Snape does not stretch or yawn. His eyes snap open like the strike of
a snake, glinting: his hand is firm on his wand, and his muscles have
regained the tension with which he walks through all his days. This
is Snape, waking.
For
all the years of his life, Snape has woken to the sense of the world
as a broken thing and himself broken with it. There are parts of him
stunted, kicked out of shape, tangled, and he has grown round them as
an oak tree embraces the coils of a barbed wire fence. In the moments
before he reaches for the robes that hang neat and straight on a hanger
and the boots lined up by his door, Snape tallies his sins like a miser,
belts himself together, and dons his armour for the day. This is Snape,
waking to walk his daylight hours in a carapace of scorn and pride,
brittle as cinder toffee, cracked as a porcelain bowl loved by the ocean.
Do
not ask of what Snape dreamed.
Rather,
let the day draw you in. Snape rises, dresses, breakfasts. He will be
teaching today. He should be gathering his notes, straightening his
sleeves, composing the mask of his face and all the broken pride under
it. But all the detail is gone. For six months Snape has had a single
purpose, and that purpose was consuming, ravenous. Gone, it has left
him empty as a fireplace on a summer's day.
But
today is Thursday. Snape should beware of Thursdays, of time setting
traps outside his front door, of snares and dreams. He is a fool. He
opens his door, and finds the world changed and become new.
There
is no corridor outside his door, no sheltering darkness, no familiar
walls. Sunlight strikes the stone and cuts it to brightness; in front
of him, a garth with all its grass green and springtime velvet., and
surrounding, cloisters, arched like a sea-serpent's back, and above
all the roofs of Hogwarts and all the flags thereon, flying. The flagstones
at his feet are smoothed and even. Between cracks of the stones, shadowed,
spring moss, and lichen, flowering, and the little purple flowers of
a creeping violet. It is a rare violet, digitalis morcumbus, and if
one was not well-acquainted with the properties of violets one could
assume it was the same plant as its even rarer cousin, digitalis morcumbus
alpinus, used for the most difficult and expensive of heartwarming potions.
It
is the first installment on a debt Snape has no wish to acknowledge.

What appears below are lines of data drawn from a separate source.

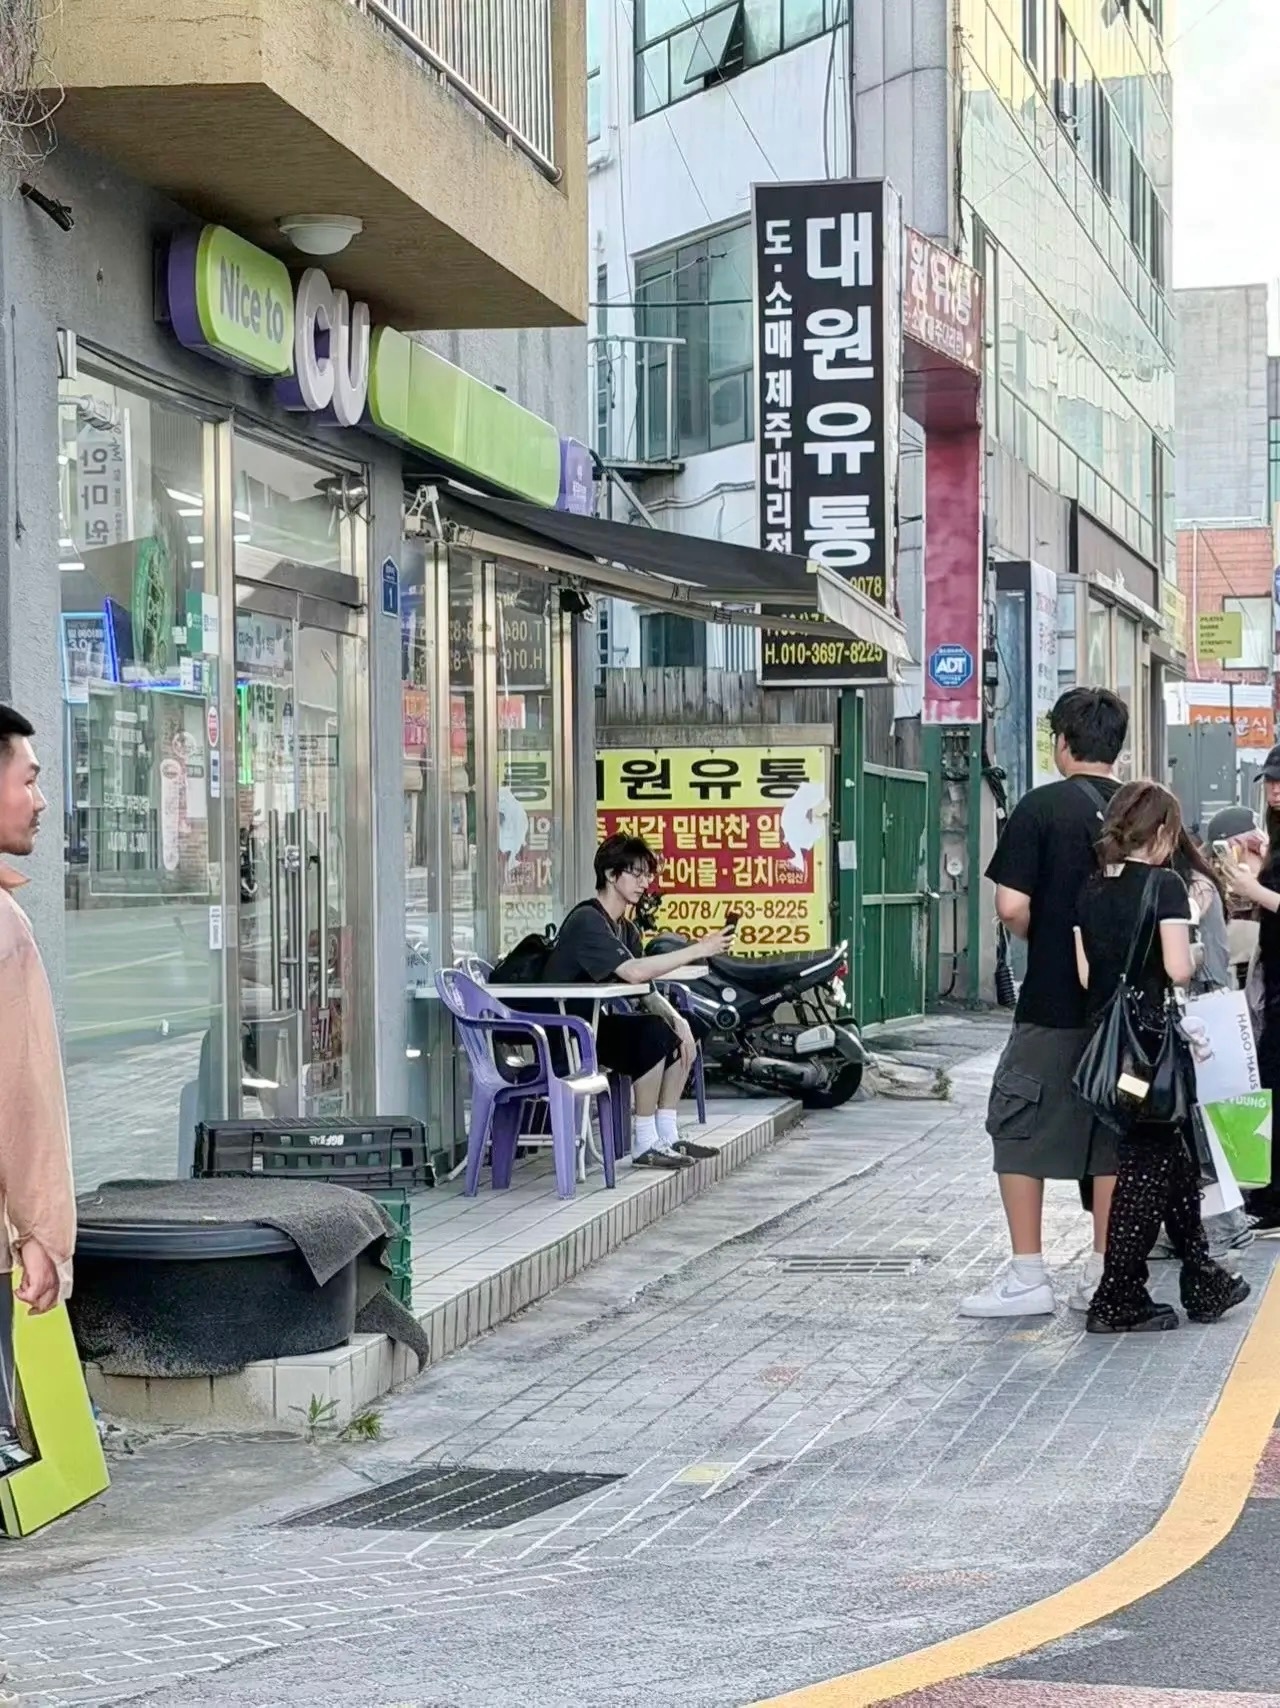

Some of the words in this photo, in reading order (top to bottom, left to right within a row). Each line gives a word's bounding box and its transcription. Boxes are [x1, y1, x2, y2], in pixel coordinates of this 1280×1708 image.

[219, 255, 262, 335] Nice
[264, 287, 285, 344] to
[295, 267, 370, 428] CU
[803, 212, 875, 567] 대원유통
[765, 642, 883, 665] H.010-3697-8225
[935, 657, 966, 674] ADT
[596, 758, 810, 801] 원유통
[673, 814, 750, 849] 밑반찬

He lets his door shut behind him, not with a bang but a hiss, girds
his anger, and walks to the archway at the end of the cloister, where
the stairway curls into shadow. His robes furl behind him, his feet
are placed deliberately just so, and he does not look back. He does
not look back. He will not look back.
He
looks back.
"You
owe me nothing, Potter," Snape says. He says it loudly, so his
voice echoes through the vaults and arches and across the violets. "Nothing."
His
mouth shuts on the words like the snap of a stick. He can hear his own
breathing, and the sound of the breeze across the garth, and the noise
of children beyond the door.
Harry
Potter says nothing. He sits on the low wall outside Snape's door. He
has taken time to change into his robes, but he wears them loosely,
with his jeans underneath. He has a wand in his hand and a cut-glass
bowl at his feet rainbowed in light. He is watching soap bubbles rise
in the air, insubstantial as promises, beautiful as sin, smiling, in
the morning.
'Did
you think I did it for you?" Snape says, not shouting, vicious
as the snap of a manticore's jaws.
Above
the grass bubbles lengthen, twist, flatten: grow wings, ragged and misformed,
rise in sunlight, burst in sparks. Harry Potter is making butterflies.

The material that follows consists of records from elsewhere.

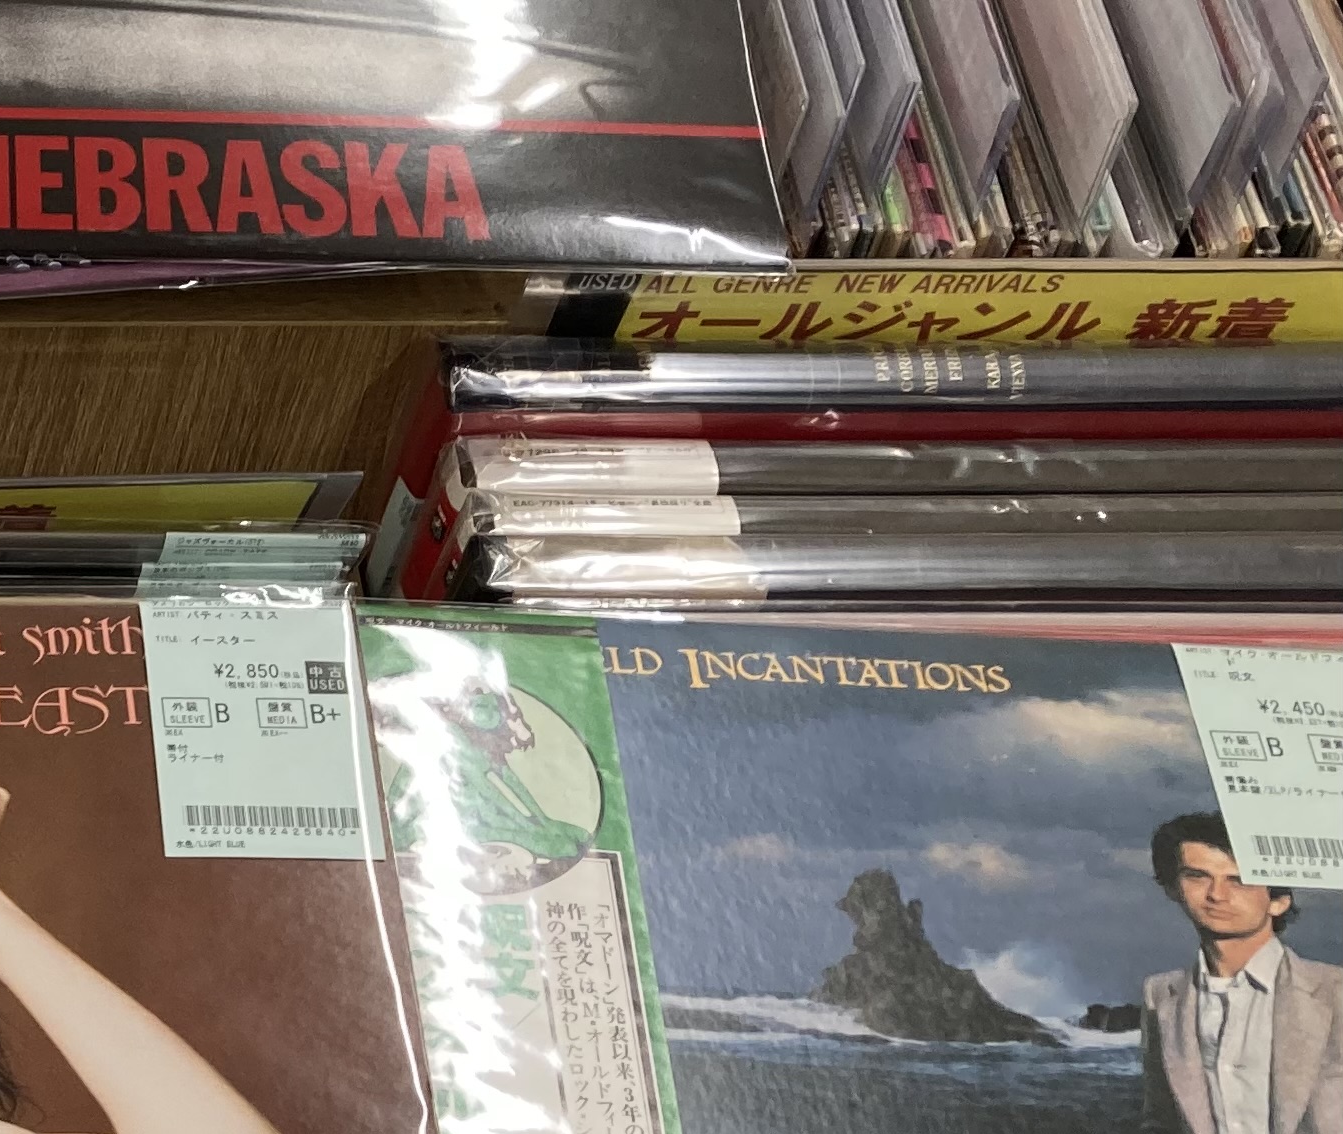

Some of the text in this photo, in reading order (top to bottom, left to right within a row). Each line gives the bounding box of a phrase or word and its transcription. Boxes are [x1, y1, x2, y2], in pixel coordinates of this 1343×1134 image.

[579, 274, 1065, 295] USED ALL GENRE NEW ARRIVALS
[633, 298, 1296, 343] オールジャンル 新着
[187, 610, 279, 620] パティ・スミス
[21, 615, 145, 666] smith
[190, 635, 256, 645] イースター
[309, 665, 343, 679] 中古
[309, 679, 345, 691] USED
[172, 702, 198, 713] 外装
[267, 702, 293, 713] 盤質
[215, 703, 231, 724] B
[310, 703, 342, 724] B+
[169, 715, 206, 725] SLEEVE
[267, 715, 298, 726] MEDIA
[1267, 737, 1284, 757] B
[166, 753, 225, 763] ライナー付
[226, 839, 246, 849] BLUE

On the day he killed Voldemort, on the day he vanished, the sun stopped
in its tracks and the stars rained down from the sky. He has only to
raise an eyebrow and the world changes to suit.
Snape
says, "What do you want?"
He
says it as if the words have been dragged out of him, low edged, and
he says it even as he moves, robe, hair, elbows, all spiked angles in
motion. He is running away, and taking his shadow with him, elongating
across the slabs. He has almost reached the archway: he is within a
fingersbreath breadth of the stair, when he turns again.
"Whatever
you are doing, Mr Potter, it won't -"
But
Harry Potter is, at last, looking at Snape. It is a frankly carnal evaluation.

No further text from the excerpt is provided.